> [Task to complete]
The reply should repeat all of the data word for word, with no pictures.

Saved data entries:
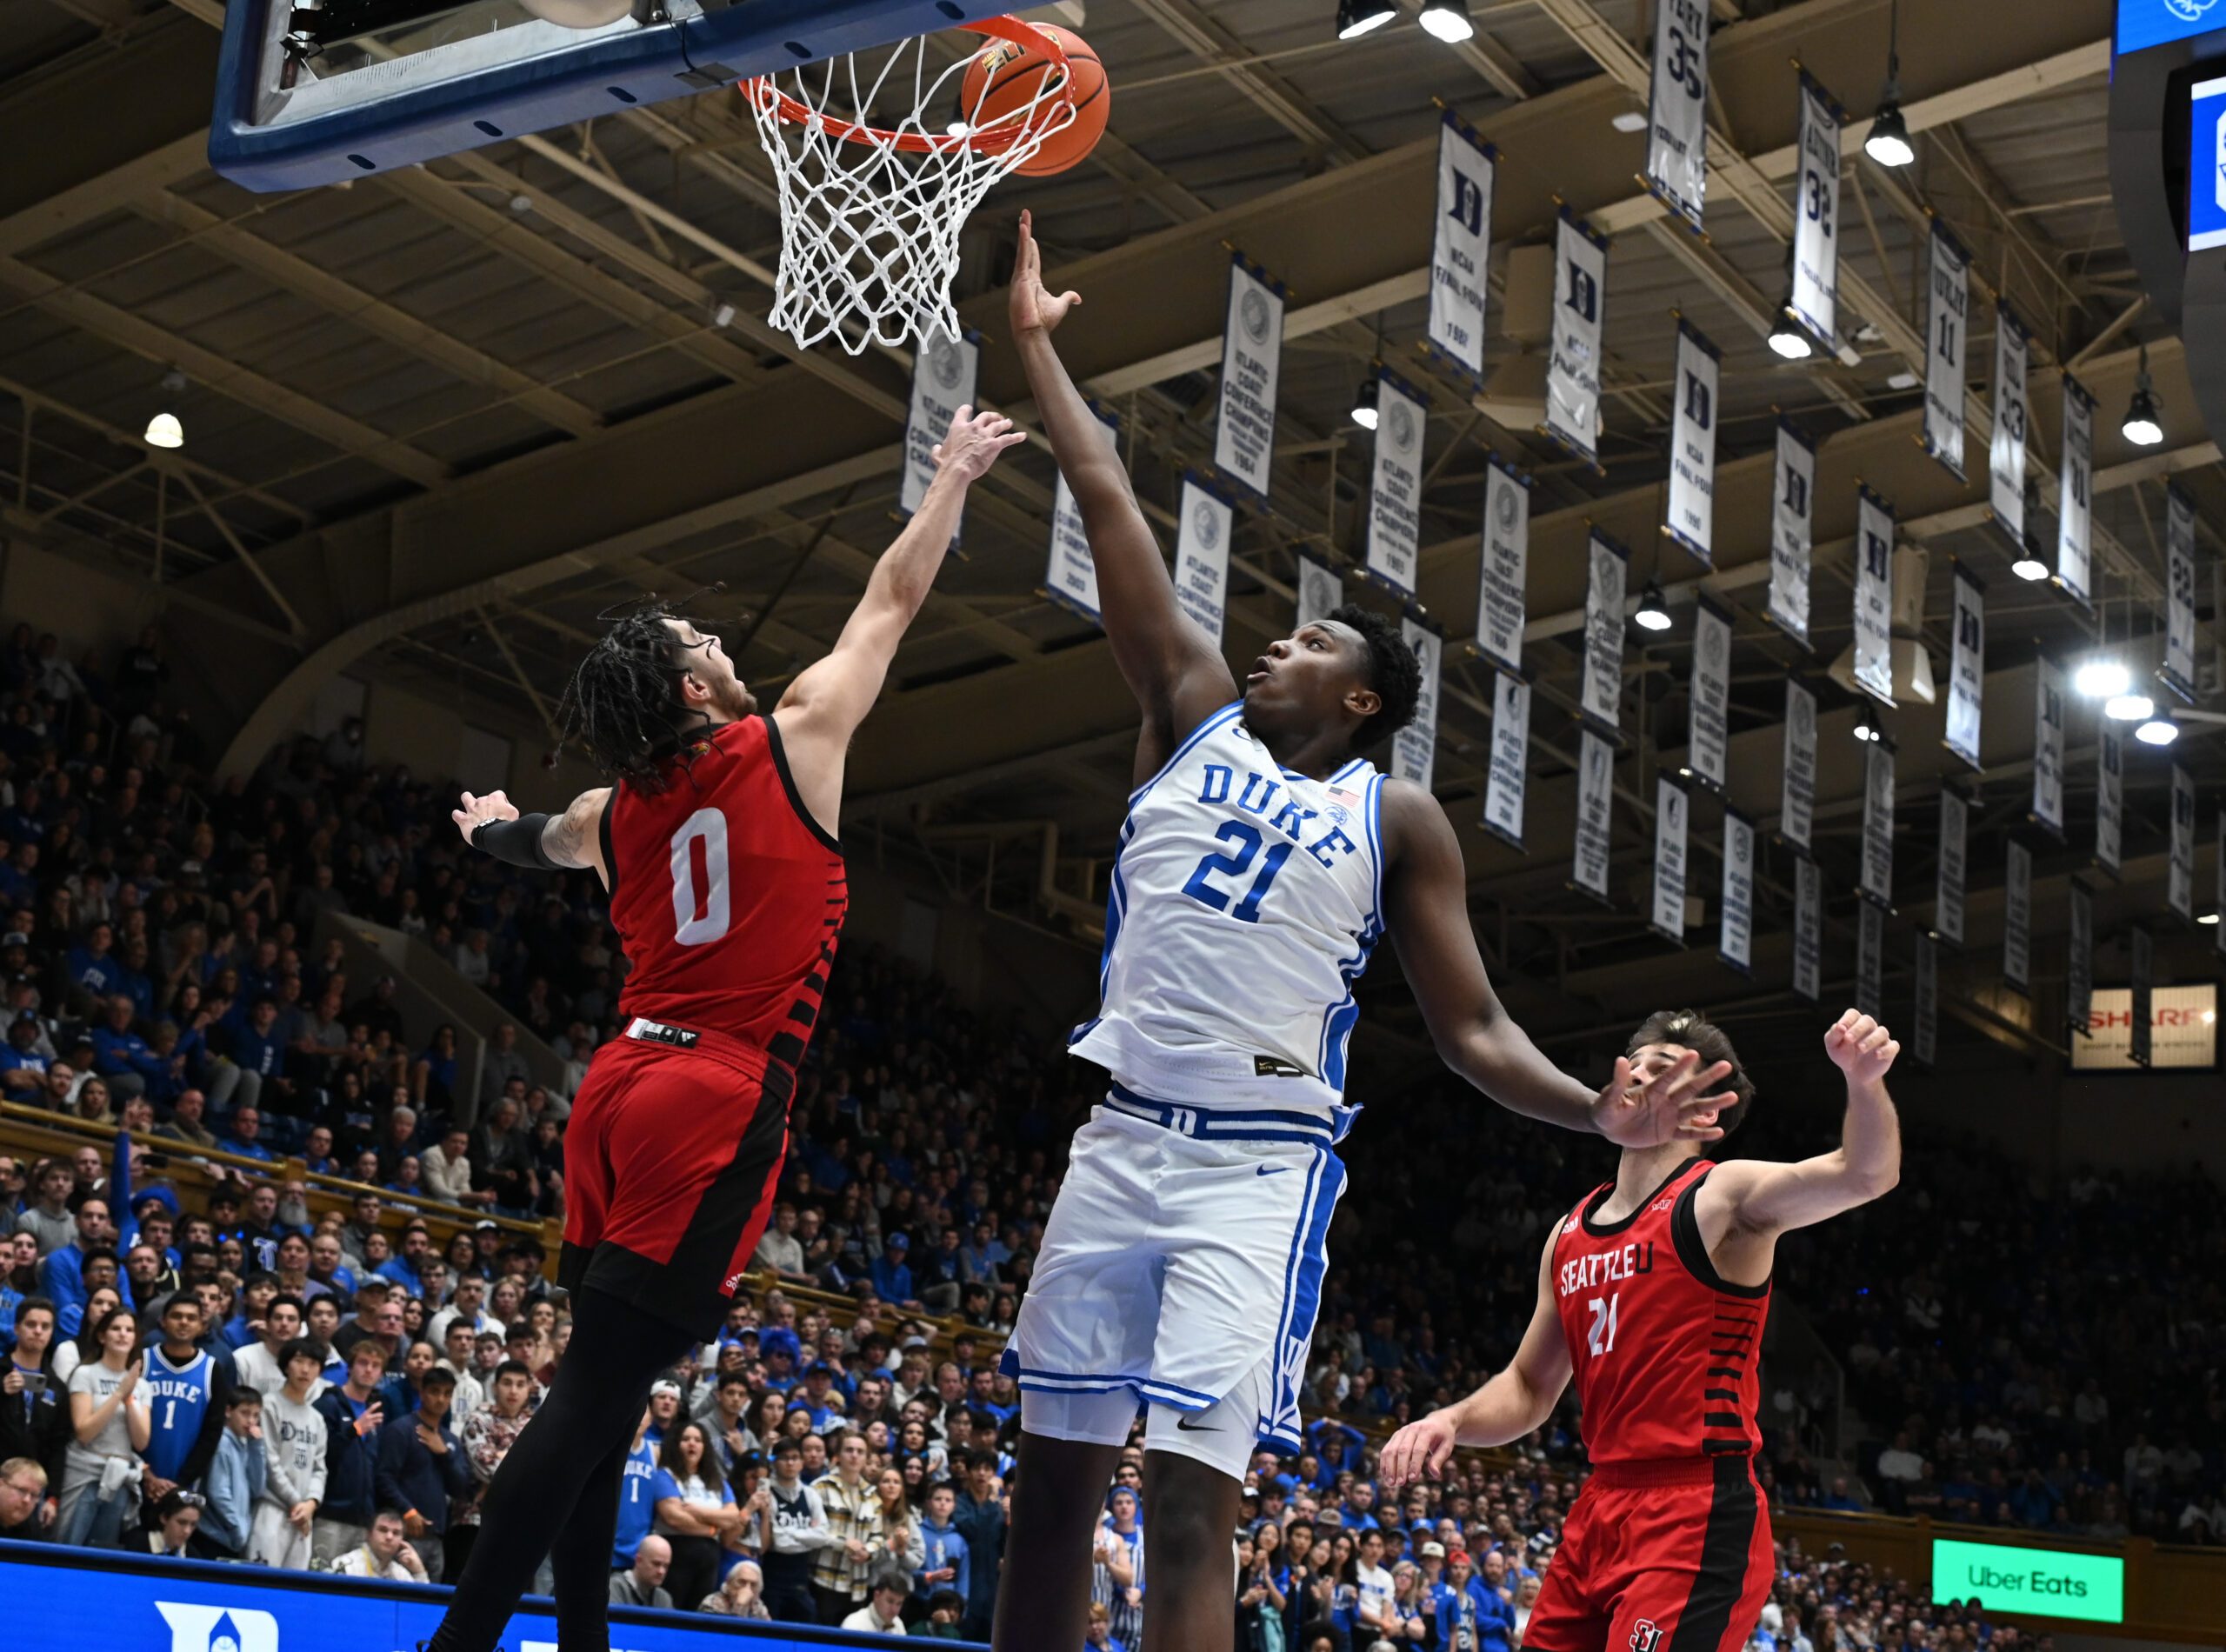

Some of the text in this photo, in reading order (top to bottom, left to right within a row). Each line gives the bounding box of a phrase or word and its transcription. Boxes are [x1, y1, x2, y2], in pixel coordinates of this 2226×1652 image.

[1668, 26, 1702, 100] 35
[1807, 170, 1831, 238] 32
[1451, 247, 1474, 275] NCAA
[1436, 265, 1462, 296] FINAL
[1938, 313, 1956, 368] 11
[1236, 349, 1269, 384] ATLANTIC
[1237, 370, 1263, 397] COAST
[1224, 381, 1274, 429] CONFERENCE
[1225, 401, 1270, 444] CHAMPIONS
[1686, 442, 1704, 465] NCAA
[1676, 458, 1694, 485] FINAL
[1197, 763, 1356, 869] DUKE
[670, 807, 731, 946] 0
[1181, 819, 1295, 924] 21
[1589, 1292, 1618, 1356] 21
[150, 1380, 202, 1403] DUKE
[163, 1400, 177, 1429] 1
[630, 1476, 639, 1503] 1
[1969, 1564, 2088, 1597] Uber Eats

> [Answer to this exercise]
Some of the text in this photo, in reading order (top to bottom, left to right within a row). Each line gives the bounding box of a phrase or word and its transcription. Boxes are [x1, y1, x2, y2], in pixel coordinates of this 2226×1652 image.

[1668, 26, 1702, 100] 35
[1807, 170, 1831, 238] 32
[1451, 247, 1474, 275] NCAA
[1436, 265, 1462, 296] FINAL
[1938, 313, 1956, 368] 11
[1236, 349, 1269, 384] ATLANTIC
[1237, 370, 1263, 397] COAST
[1224, 381, 1274, 429] CONFERENCE
[1225, 401, 1270, 444] CHAMPIONS
[1686, 442, 1704, 465] NCAA
[1676, 458, 1694, 485] FINAL
[1197, 763, 1356, 869] DUKE
[670, 807, 731, 946] 0
[1181, 819, 1295, 924] 21
[1589, 1292, 1618, 1356] 21
[150, 1380, 202, 1403] DUKE
[163, 1400, 177, 1429] 1
[630, 1476, 639, 1503] 1
[1969, 1564, 2088, 1597] Uber Eats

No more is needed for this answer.